Mardi, la Fondation pour l'agrandissement du Musée d'art et d'histoire de Genève lançait, lors d'une soirée portes ouvertes au MAH, une souscription populaire. Quelque 15 millions de francs restent à trouver pour atteindre les 40millions que doit apporter le privé dans le projet de réaménagement, d'une part, et d'extension du bâtiment, d'autre part. Patrice Mugny parlait avec un brin de provocation de Grand Soir! Le conseiller administratif vert en charge de la Culture pour la Ville de Genève ne souhaitait pas révolutionner le MAH mais qu'au-delà d'un cercle de personnes qui ont des moyens et qui se sentent des responsabilités envers la Cité, beaucoup donnent un peu, signifiant à l'ensemble de la population leur engouement pour l'agrandissement du musée.

Ce soir-là, le personnel du MAH accueillait les visiteurs en canotier. On plongeait ainsi dans les origines du bâtiment, inauguré en 1910, alors même qu'il s'agissait de son avenir. Et d'un agrandissement plutôt futuriste. Une structure de verre et de métal remplirait la cour. Jean Nouvel a d'ailleurs signé un cube tout de transparence, à l'image de son projet, offert aux donateurs, dès 50 francs. Ce fil tendu entre les charmes d'antan et les possibles lumières de l'avenir n'était pas fortuit. Entre le canotier et le cube de verre, il y a bien une continuité. Le MAH n'aurait pas vu le jour sans les privés. Et aujourd'hui, il a besoin d'eux pour grandir.

C'est l'Exposition nationale de 1896 qui fait prendre conscience aux Genevois de la richesse des collections locales, rappelle Cäsar Menz, directeur du MAH. Elle vient clore un siècle très riche.
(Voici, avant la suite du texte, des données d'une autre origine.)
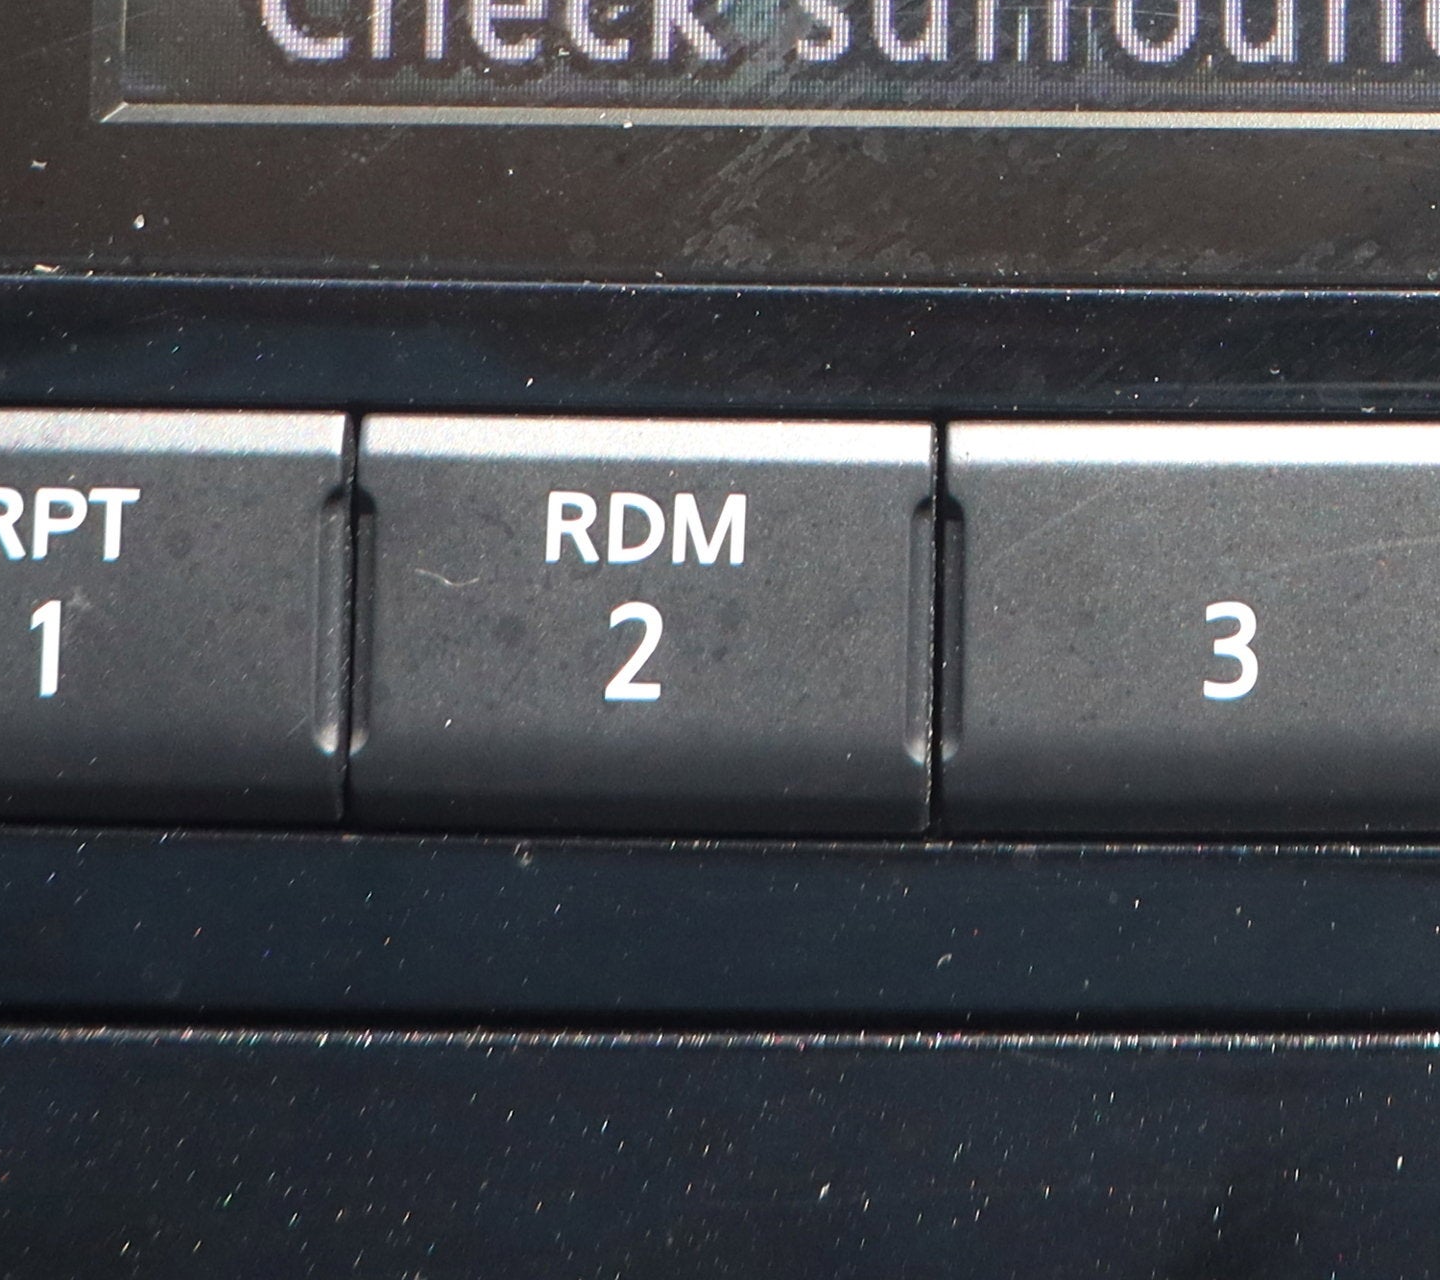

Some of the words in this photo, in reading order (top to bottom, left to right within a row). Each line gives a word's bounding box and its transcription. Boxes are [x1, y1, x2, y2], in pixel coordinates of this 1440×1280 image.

[544, 490, 748, 566] RDM
[29, 599, 63, 698] 1
[603, 601, 664, 702] 2
[1202, 600, 1260, 702] 3
A commencer, en 1801, par le don que fait le Directoire à Genève, annexée au territoire français en 1798: 42 tableaux du Louvre, du Tintoret à Rubens! Les toiles sont jugées trop religieuses pour la Cité de Calvin, ou trop chères à restaurer et seules 21 seront finalement acceptées...
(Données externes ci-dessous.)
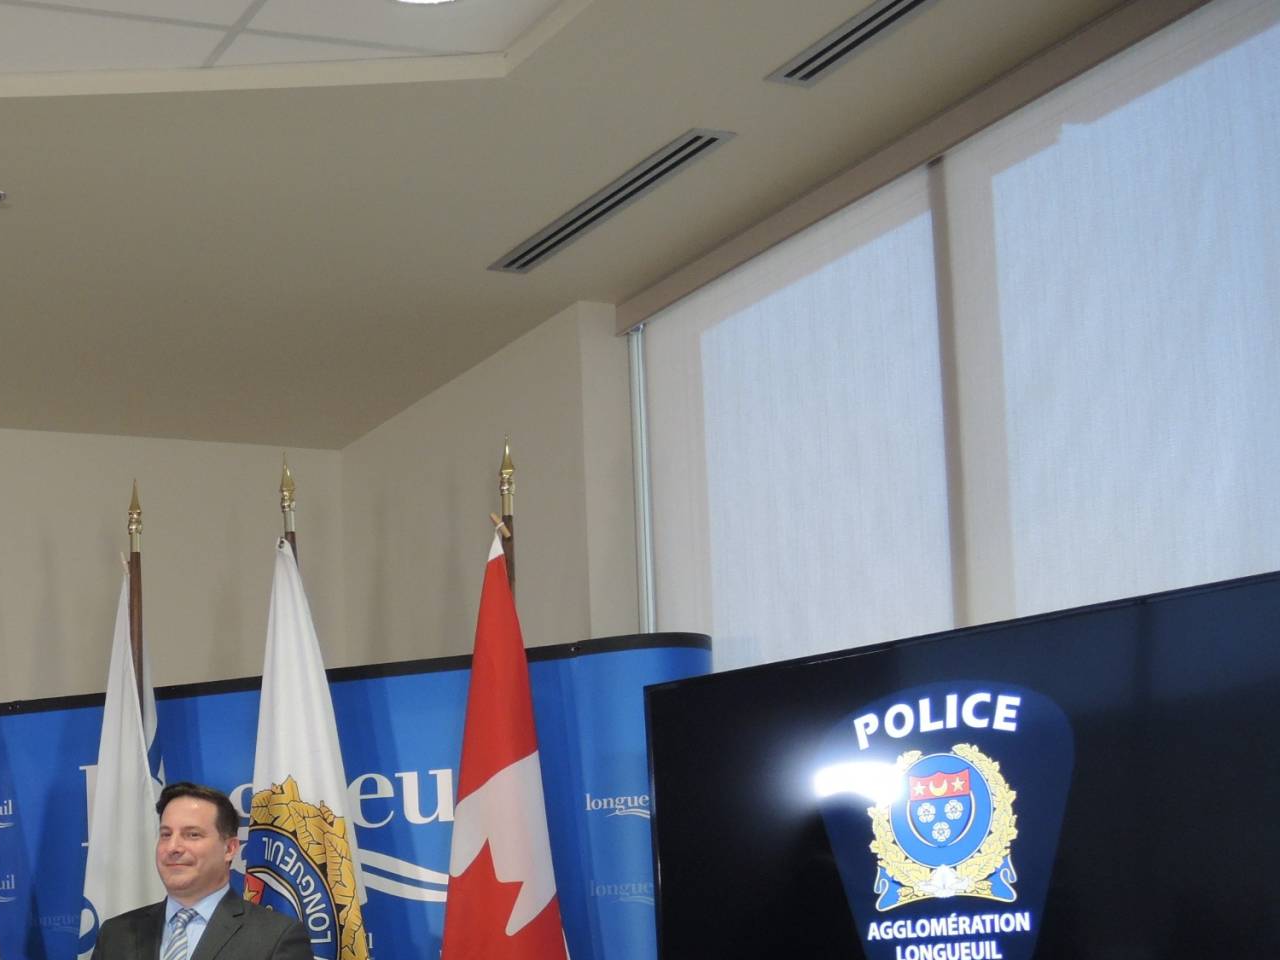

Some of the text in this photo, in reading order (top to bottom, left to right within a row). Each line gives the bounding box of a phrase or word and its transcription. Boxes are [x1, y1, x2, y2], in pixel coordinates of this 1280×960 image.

[853, 692, 1021, 750] POLICE
[585, 793, 650, 814] longue
[262, 836, 332, 945] LONGUEUIL
[867, 911, 1031, 941] AGGLOMÉRATION
Autre date phare: 1826. Le Musée Rath, construit grâce à la donation des sœurs du même nom, voit le jour, à l'initiative de la Société des arts, pour abriter des collections de plus en plus importantes. Mais dans les décennies suivantes, cela continue, avec notamment le don de deux collections majeures, celle de Walter Fol, avec ses antiquités acquises en Italie mais aussi ses peintures Renaissance, et celle de Gustave Revillod, offerte avec le palais néobaroque qui est aujourd'hui le Musée de l'Ariana.

Dès 1897, donc, la bataille est lancée par une Société auxiliaire des beaux-arts. Elle aboutira, après concours, au bâtiment actuel, construit aussi grâce au legs de Charles Galland, président de la Bourse de Genève.
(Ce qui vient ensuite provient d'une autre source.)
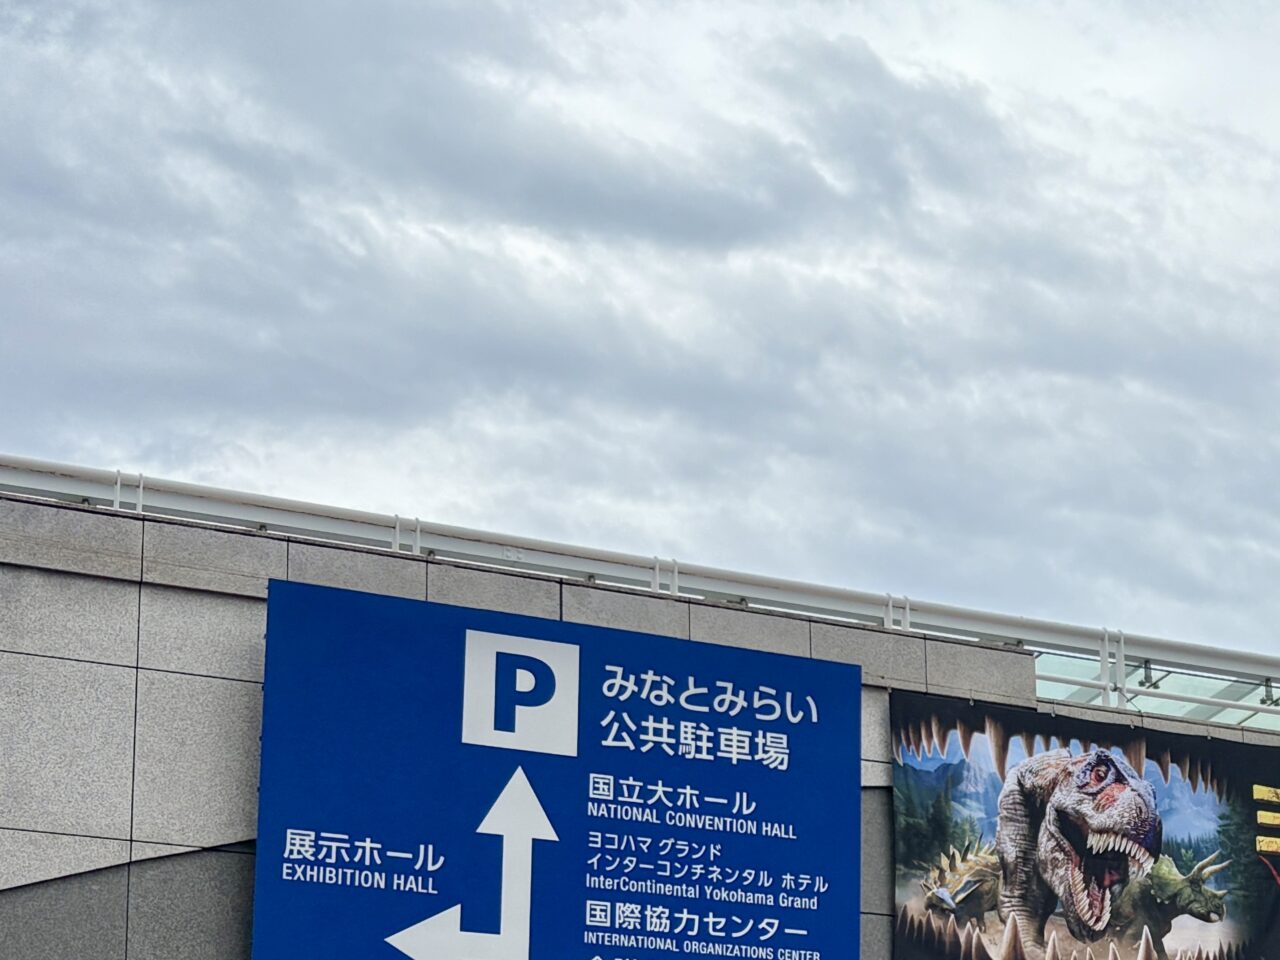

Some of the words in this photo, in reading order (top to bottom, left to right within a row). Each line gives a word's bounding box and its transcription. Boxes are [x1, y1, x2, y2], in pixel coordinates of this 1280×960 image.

Très vite, le MAH est à l'étroit, des annexes voient le jour un peu partout. Il faut dire que les donations n'ont jamais cessé, qu'il s'agisse de beaux-arts ou d'archéologie. Des donations de pièces, mais aussi des soutiens pour son atelier de restauration, pour des expositions, ou des publications. «Cette année, j'ai pu trouver 700000 francs pour compléter un budget de 1,8 million pour le programme d'exposition», résume Cäsar Menz.

Dans ce contexte, la rencontre nocturne relatée par Renaud Gautier, président de la Fondation pour l'agrandissement du Musée d'art et d'histoire lors de la soirée de mardi semble moins étonnante. Ce serait sur un coin de trottoir il y a environ deux ans que le député libéral aurait rapidement convaincu Patrice Mugny de relancer le Conseil municipal de la Ville de Genève pour le projet de réaménagement du MAH, estimé à 40 millions de francs, si une Fondation se chargeait de trouver de son côté la même somme, destinée à réaliser le projet Nouvel, dans les tiroirs depuis 1998.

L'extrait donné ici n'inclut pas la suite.